Exact reproduction of the listing is required. Pictures are not reproduced.
THE DATA: Begin
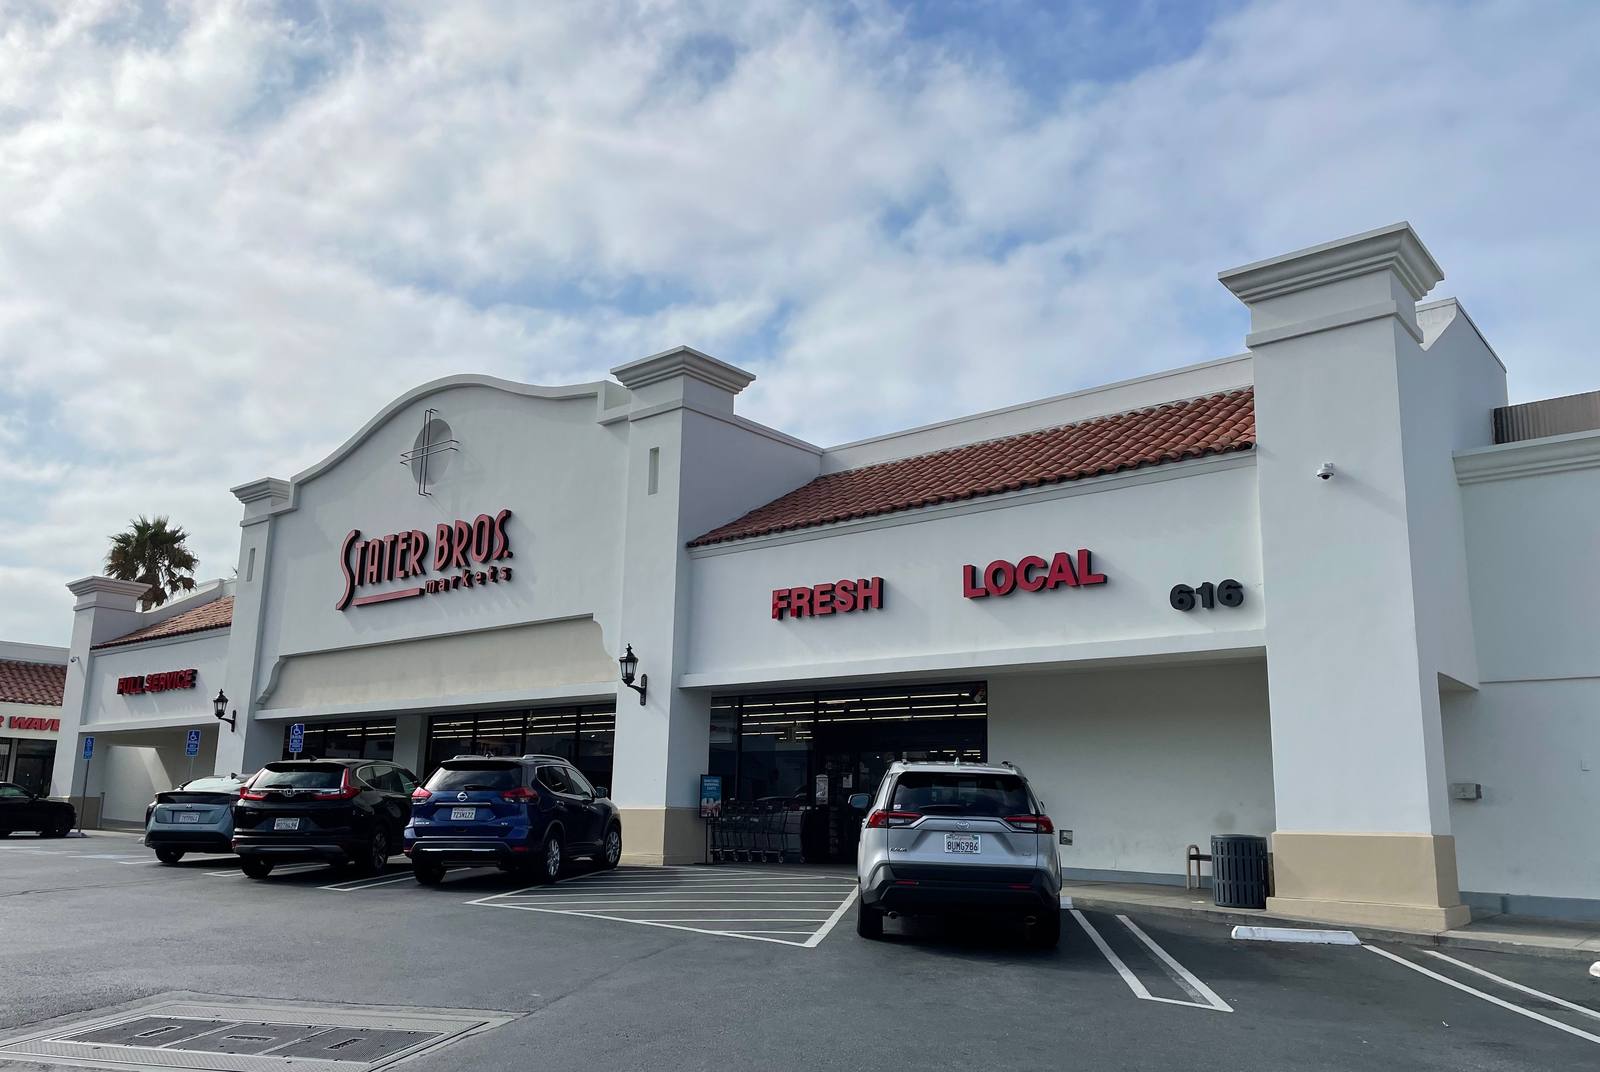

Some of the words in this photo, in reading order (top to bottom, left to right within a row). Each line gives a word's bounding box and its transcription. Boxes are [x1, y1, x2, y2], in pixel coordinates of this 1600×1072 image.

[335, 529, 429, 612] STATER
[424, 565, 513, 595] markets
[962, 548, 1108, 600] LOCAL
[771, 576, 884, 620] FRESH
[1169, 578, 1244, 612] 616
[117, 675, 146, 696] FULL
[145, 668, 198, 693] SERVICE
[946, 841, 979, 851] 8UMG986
THE DATA: End
OUTPUT FOR THIS TASK →
Some of the words in this photo, in reading order (top to bottom, left to right within a row). Each line gives a word's bounding box and its transcription. Boxes are [x1, y1, x2, y2], in pixel coordinates of this 1600×1072 image.

[335, 529, 429, 612] STATER
[424, 565, 513, 595] markets
[962, 548, 1108, 600] LOCAL
[771, 576, 884, 620] FRESH
[1169, 578, 1244, 612] 616
[117, 675, 146, 696] FULL
[145, 668, 198, 693] SERVICE
[946, 841, 979, 851] 8UMG986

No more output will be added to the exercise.